DATA TO PROCESS
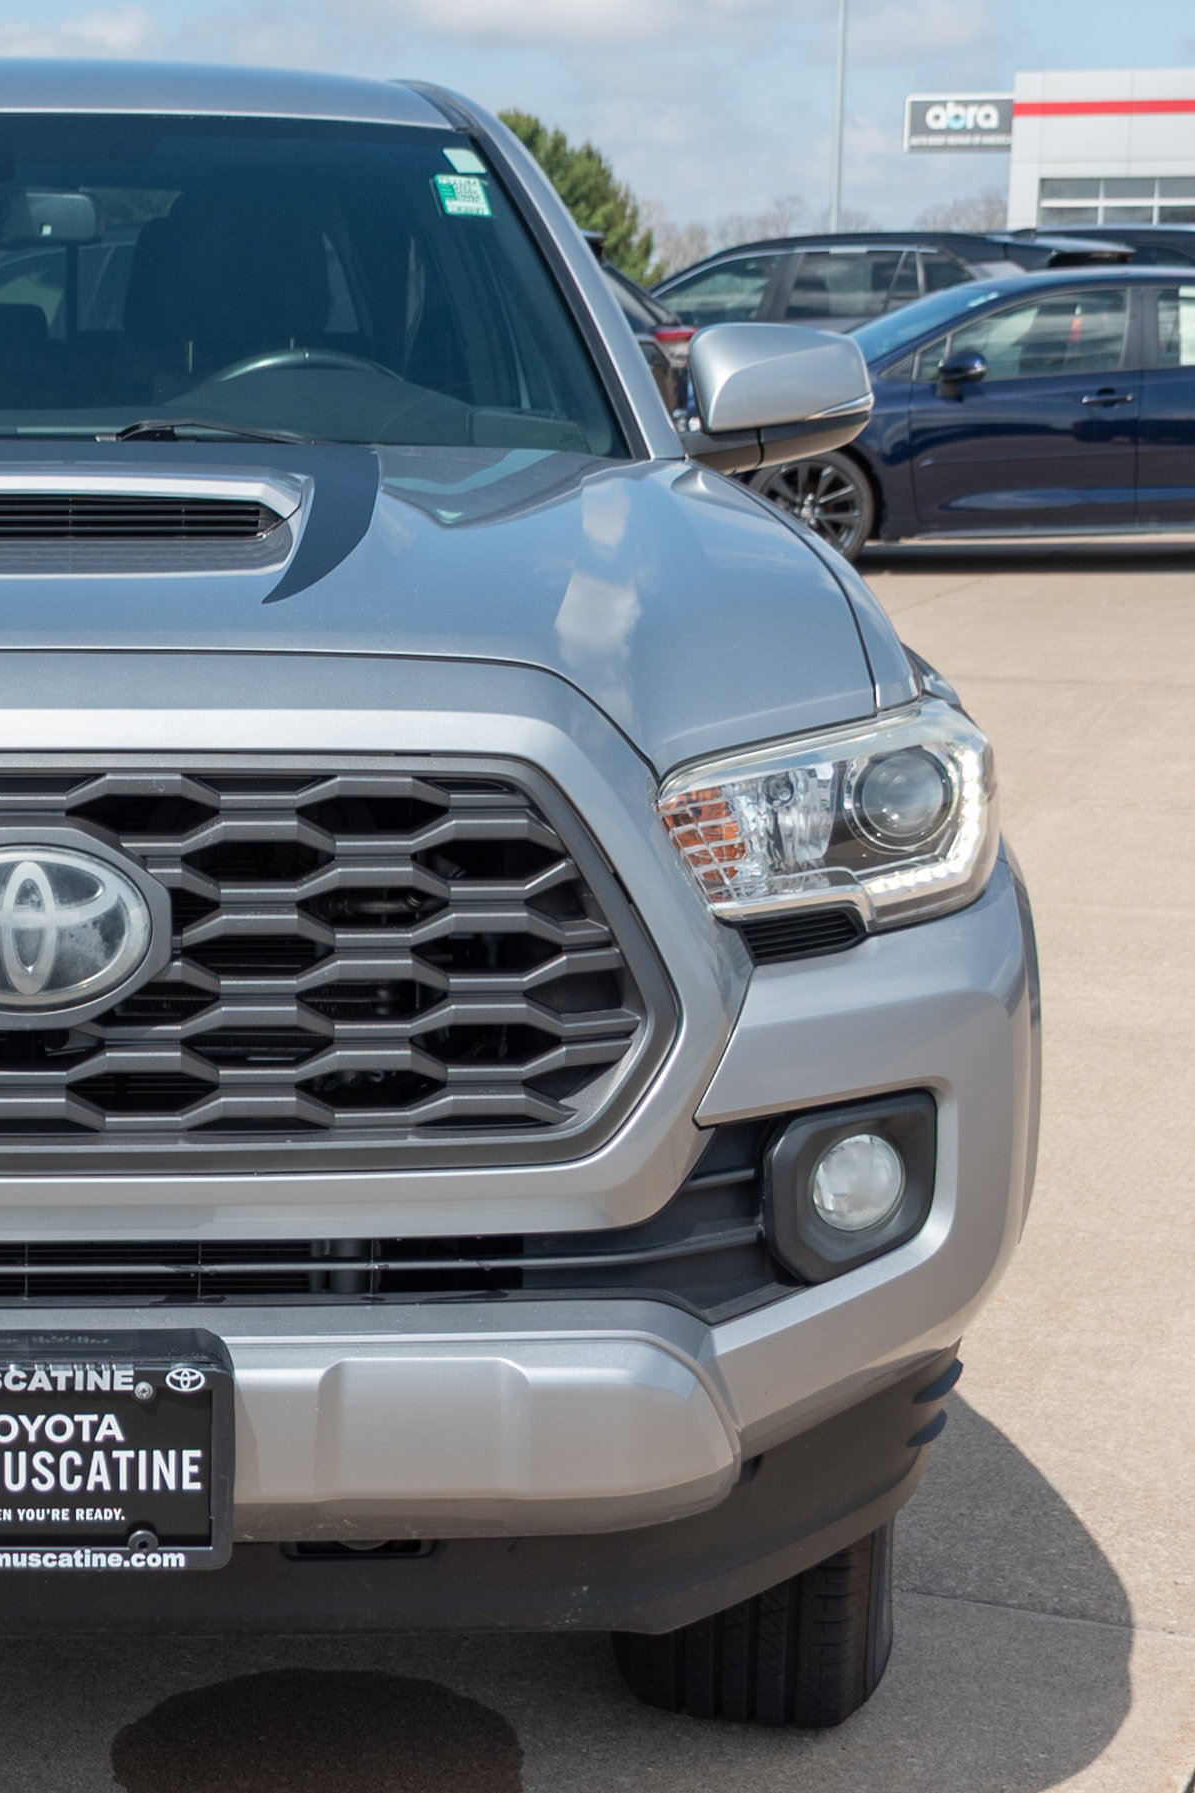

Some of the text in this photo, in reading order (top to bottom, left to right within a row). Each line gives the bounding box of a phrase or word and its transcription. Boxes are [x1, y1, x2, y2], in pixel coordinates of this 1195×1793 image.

[925, 101, 999, 130] abra
[17, 1508, 70, 1522] YOU'RE
[75, 1508, 126, 1522] READY.
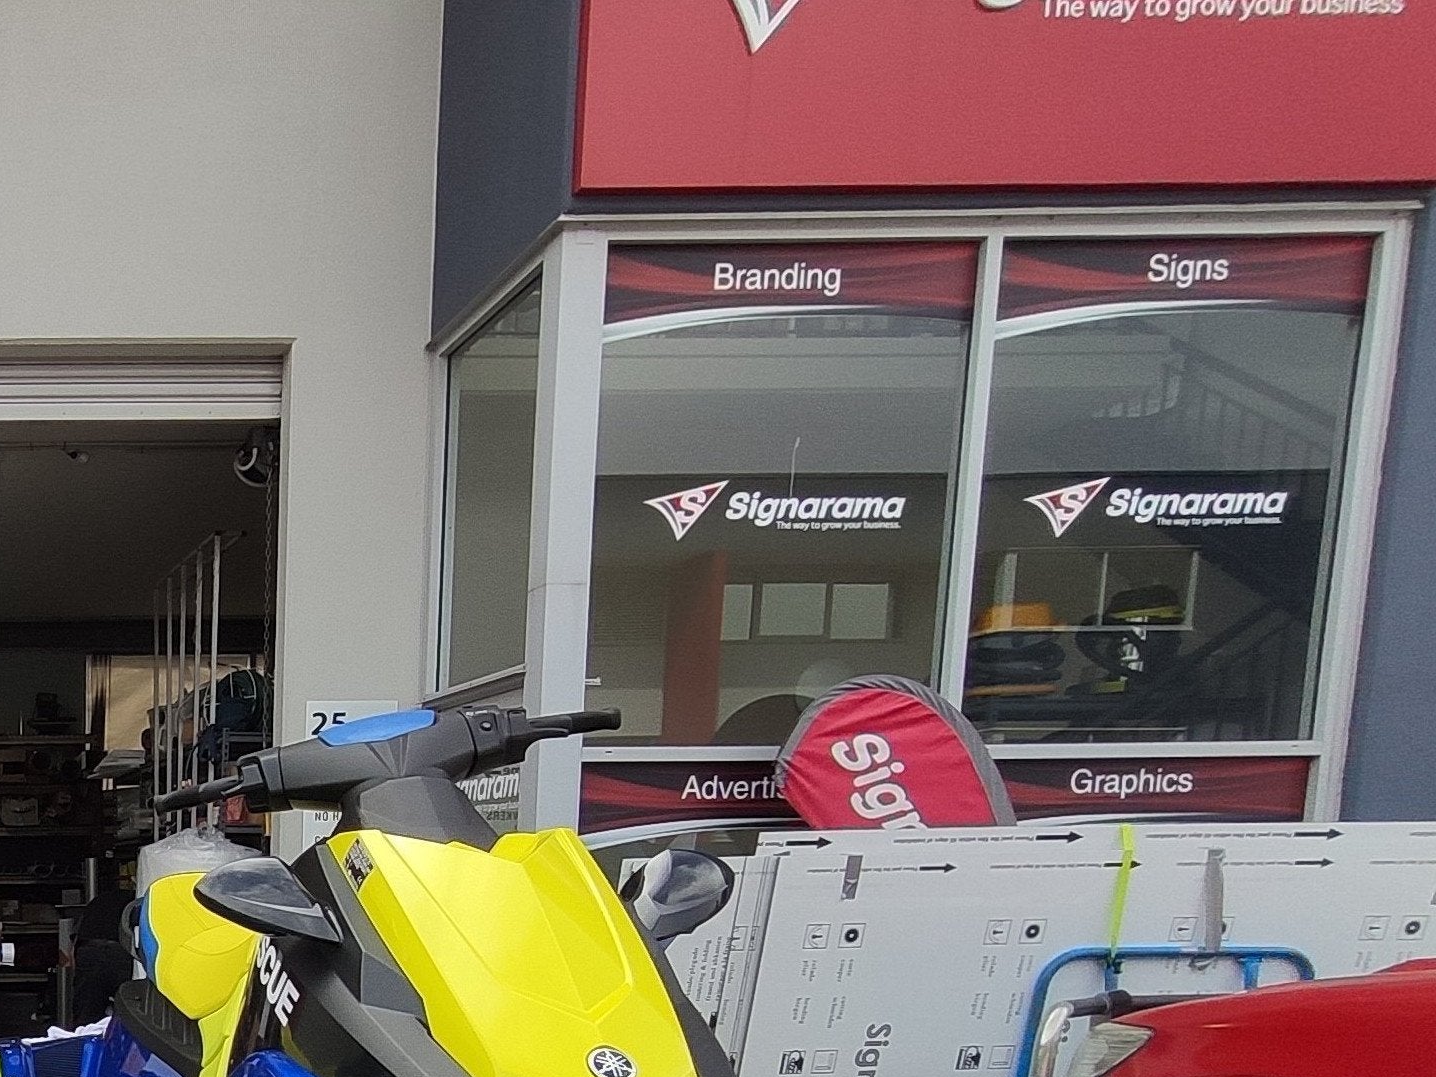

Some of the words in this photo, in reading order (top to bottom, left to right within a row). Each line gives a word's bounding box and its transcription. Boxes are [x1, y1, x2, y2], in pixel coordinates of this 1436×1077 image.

[1043, 0, 1083, 18] The
[1088, 0, 1135, 23] way
[1145, 0, 1171, 17] to
[1175, 0, 1237, 21] grow
[1239, 0, 1295, 21] your
[713, 262, 842, 296] Branding
[1147, 253, 1229, 289] Signs
[725, 491, 907, 527] Signarama
[1105, 487, 1289, 523] Signarama
[792, 521, 810, 532] way
[821, 522, 842, 532] grow
[1070, 768, 1194, 799] Graphics

WHAT YOU HAVE TO DO
Each entry is to be output exactly, and no picture is to appear.

RESPONSE BOX
Some of the text in this photo, in reading order (top to bottom, left to right within a row). Each line gives the bounding box of a phrase or word and its transcription. Boxes are [x1, y1, x2, y2], in pixel coordinates of this 1195×1793 image.

[925, 101, 999, 130] abra
[17, 1508, 70, 1522] YOU'RE
[75, 1508, 126, 1522] READY.

Some of the words in this photo, in reading order (top to bottom, left to right within a row). Each line gives a word's bounding box and its transcription. Boxes are [x1, y1, x2, y2], in pixel coordinates of this 1436×1077 image.

[1043, 0, 1083, 18] The
[1088, 0, 1135, 23] way
[1145, 0, 1171, 17] to
[1175, 0, 1237, 21] grow
[1239, 0, 1295, 21] your
[713, 262, 842, 296] Branding
[1147, 253, 1229, 289] Signs
[725, 491, 907, 527] Signarama
[1105, 487, 1289, 523] Signarama
[792, 521, 810, 532] way
[821, 522, 842, 532] grow
[1070, 768, 1194, 799] Graphics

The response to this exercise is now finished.